EXERCISE INSTRUCTIONS: Reproduce the listing that follows in full. Omit its images.

EXERCISE INPUT:
○ ○ ○ ○ ○

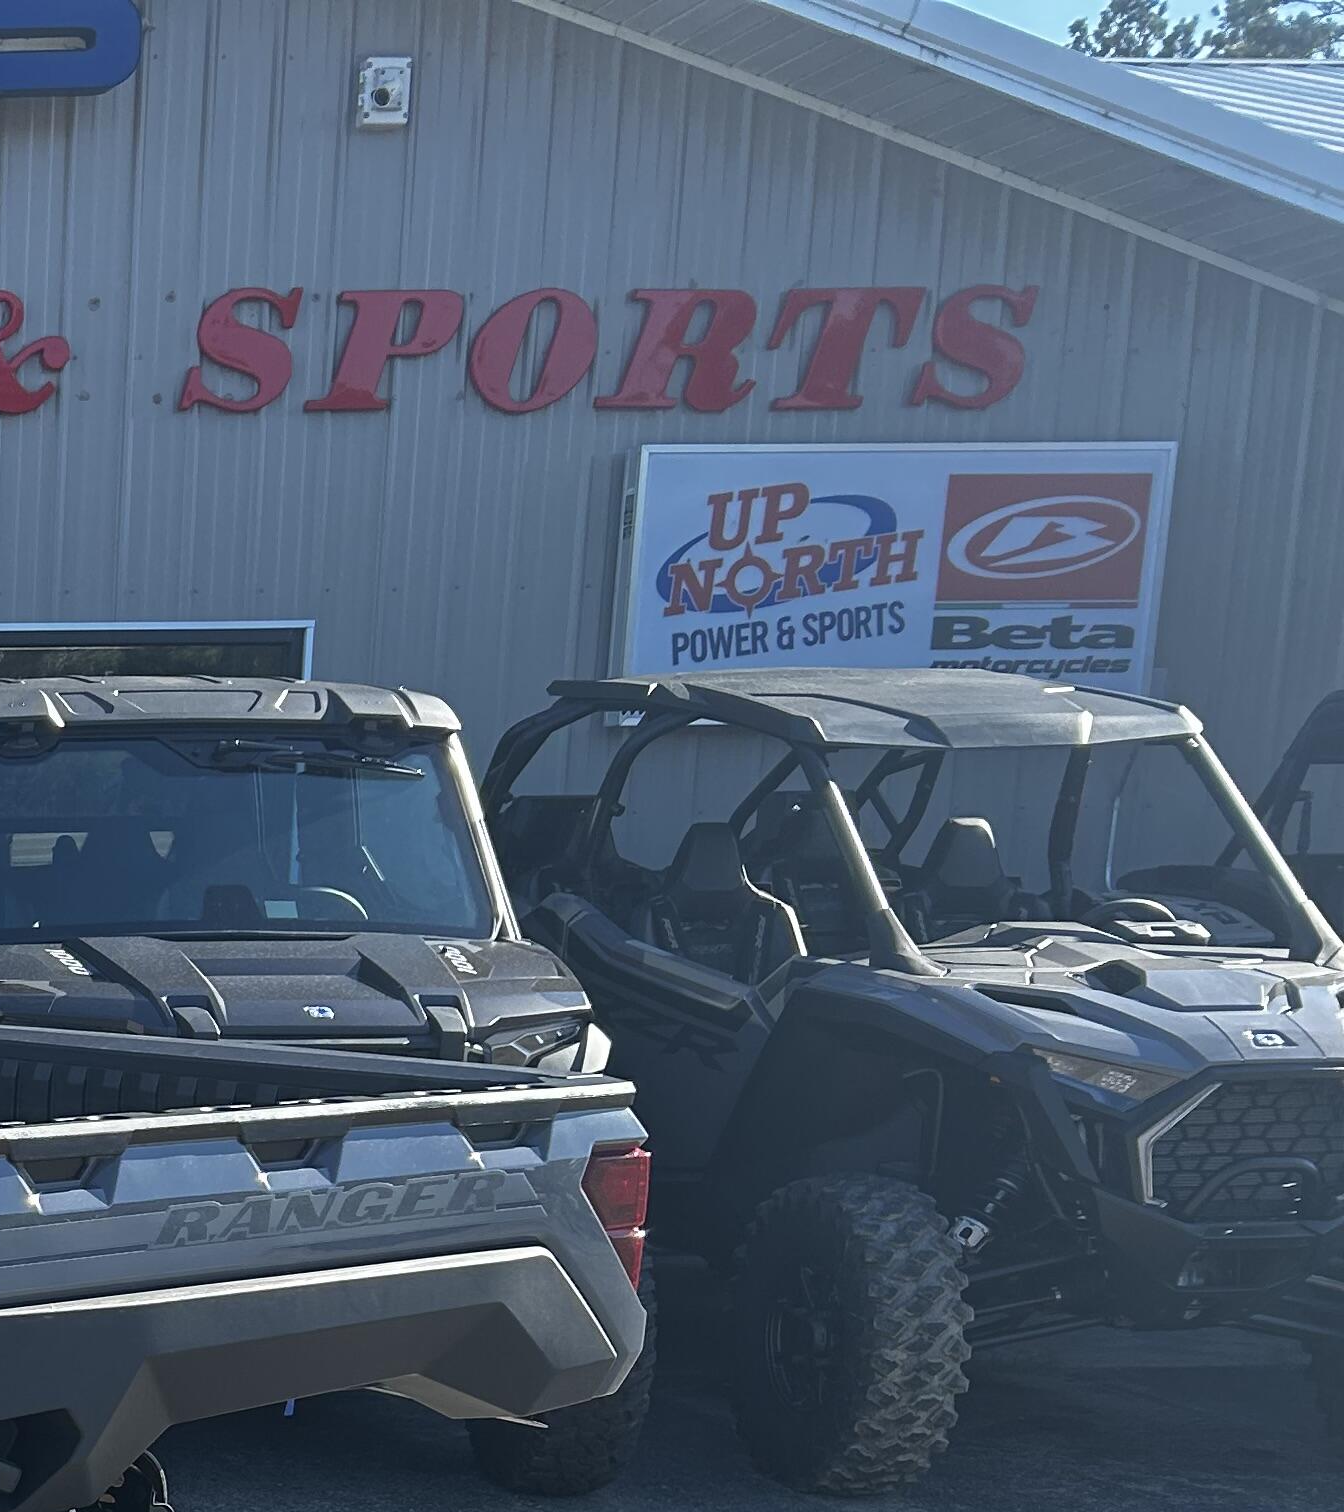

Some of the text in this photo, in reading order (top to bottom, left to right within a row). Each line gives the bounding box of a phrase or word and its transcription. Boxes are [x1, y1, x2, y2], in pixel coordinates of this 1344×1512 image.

[178, 285, 1040, 414] SPORTS
[706, 482, 811, 551] UP
[663, 529, 925, 619] NORTH
[671, 600, 906, 666] POWER & SPORTS
[930, 614, 1135, 651] Beta
[154, 1168, 507, 1247] RANGER

○ ○ ○ ○ ○

EXERCISE ANSWER:
Some of the text in this photo, in reading order (top to bottom, left to right within a row). Each line gives the bounding box of a phrase or word and its transcription. Boxes are [x1, y1, x2, y2], in pixel coordinates of this 1344×1512 image.

[178, 285, 1040, 414] SPORTS
[706, 482, 811, 551] UP
[663, 529, 925, 619] NORTH
[671, 600, 906, 666] POWER & SPORTS
[930, 614, 1135, 651] Beta
[154, 1168, 507, 1247] RANGER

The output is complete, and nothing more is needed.